# Sign up for Fall fish fry dedicated to the memory of Kevin "Get$sum" Duncan



## Kickapoo Duke (May 15, 2010)

Lets start a signup for the fish fry Oct. 19th at my house in Onalaska. We should start getting an idea of how many plan to attend and who will be bringing what. 
First we need the cooks to volunteer for those duties.
Be sure to bring your lawn chairs and beverages.
There'll be 4 of us, myself, Crystal, my sister and her husband.


----------



## Whitebassfisher (May 4, 2007)

Duke, I will be there. I am PMing you with what I want to bring, just to make sure before I post.


----------



## MrsTroutsnot (Sep 14, 2005)

Thanks for your hospitality once again, Duke. Don and I will be there. We will bring a dessert and some type of side dish (if you need to know specifics, just let us know). 

Also, we are both available for whatever help you need, whether it be frying, or any other area...Just assign us and let us know our duty.

Thanks Again,
Marsha


----------



## Whitebassfisher (May 4, 2007)

Okay, I discussed it with the sheriff. I will bring a substantial amount of potato salad, and also some Cole slaw.
Donald


----------



## chucktx (Sep 12, 2011)

very sorry I cannot make this one....I will be out of town......


----------



## Sunbeam (Feb 24, 2009)

Sunbeam and the Filipino. Will bring a big ol' Nanner Puddin' as usual.
Filipino said she would bring a couple of whole stripers done in the real Asian pineapple sweet & sour sauce if some folks would like a change of pace from fried fish.
Please indicate if you are willing to try it so she might have an idea how many and how large.


----------



## MrsTroutsnot (Sep 14, 2005)

Sunbeam said:


> Sunbeam and the Filipino. Will bring a big ol' Nanner Puddin' as usual.
> Filipino said she would bring a couple of whole stripers done in the real Asian pineapple sweet & sour sauce if some folks would like a change of pace from fried fish.
> Please indicate if you are willing to try it so she might have an idea how many and how large.

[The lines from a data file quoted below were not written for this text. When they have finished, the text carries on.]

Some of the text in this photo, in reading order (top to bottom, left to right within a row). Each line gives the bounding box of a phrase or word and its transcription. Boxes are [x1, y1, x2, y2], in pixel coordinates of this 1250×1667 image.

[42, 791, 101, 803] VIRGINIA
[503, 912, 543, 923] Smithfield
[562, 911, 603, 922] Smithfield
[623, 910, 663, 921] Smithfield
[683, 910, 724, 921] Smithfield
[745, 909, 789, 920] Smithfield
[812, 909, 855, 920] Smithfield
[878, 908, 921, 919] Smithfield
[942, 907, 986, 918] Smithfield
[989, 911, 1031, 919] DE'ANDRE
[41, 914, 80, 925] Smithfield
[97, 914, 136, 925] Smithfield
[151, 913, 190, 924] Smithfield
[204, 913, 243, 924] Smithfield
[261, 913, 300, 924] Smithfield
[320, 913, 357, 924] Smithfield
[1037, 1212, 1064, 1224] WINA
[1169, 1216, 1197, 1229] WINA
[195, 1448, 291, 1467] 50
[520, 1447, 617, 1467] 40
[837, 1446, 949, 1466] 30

We would love to try it...Thanks for the offer!


----------



## creeker (Feb 14, 2005)

Count me in for 2 for the fish fry and 2 for the fillipino style striper! Who would pass up on that??? Sounds awesome.


----------



## Kickapoo Duke (May 15, 2010)

That Fillipino style striper--does that involve any kind of actual cooking?


----------



## Whitebassfisher (May 4, 2007)

Kickapoo Duke said:


> That Fillipino style striper--does that involve any kind of actual cooking?

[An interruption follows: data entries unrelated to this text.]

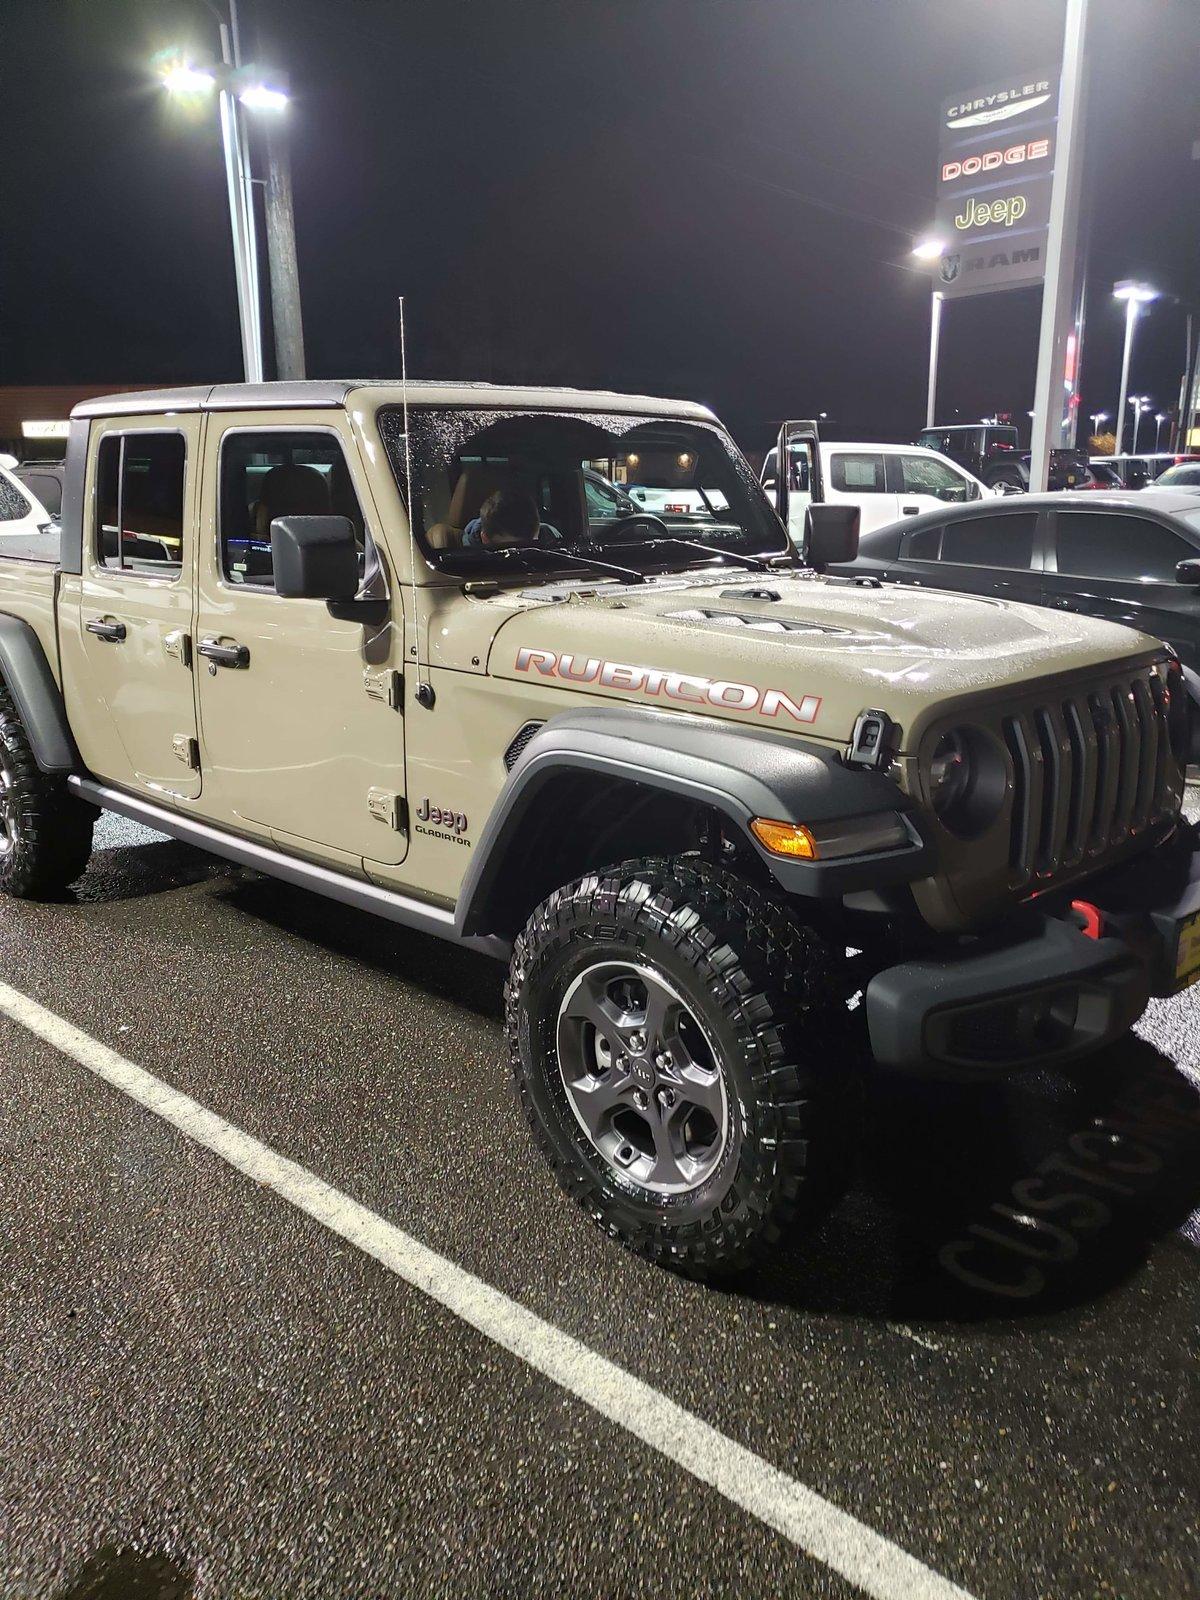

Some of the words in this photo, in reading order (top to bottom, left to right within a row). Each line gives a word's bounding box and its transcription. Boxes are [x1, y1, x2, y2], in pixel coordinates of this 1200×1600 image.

[946, 81, 1050, 118] CHRYSLER
[942, 139, 1049, 181] DODGE
[955, 195, 1027, 230] Jeep
[965, 247, 1040, 272] RAM
[514, 646, 823, 724] RUBICON
[415, 796, 468, 835] Jeep
[415, 825, 471, 848] GLADIATOR

I assumed it did, but you know what they say about assume. Now I am curious, is it sushi type Gerold / Rulyn?


----------



## Kickapoo Duke (May 15, 2010)

Hey Reel Time--can I borrow your tables again? If so, where are they?


----------



## essayons75 (May 15, 2006)

Sorry, can't make this one. I'll be out of town. Y'all have fun as always.


----------



## lx22f/c (Jun 19, 2009)

I am in. Will have 5 for sure maybe more if the inlaws want to come.

I will handle the cooking again if thats okay with everyone? Will need a couple of preppers to help out and atleast one more cook. 


Cast your burden on the Lord, and He shall sustain You;


----------



## Kickapoo Duke (May 15, 2010)

You are the man!!! and the Chief Cook. Thanks as always for volunteering to take on that task. With you at the helm, we know the fish will be good as usual.


----------



## fishy (Jun 20, 2005)

I think there will be about 5 maybe more from our family. 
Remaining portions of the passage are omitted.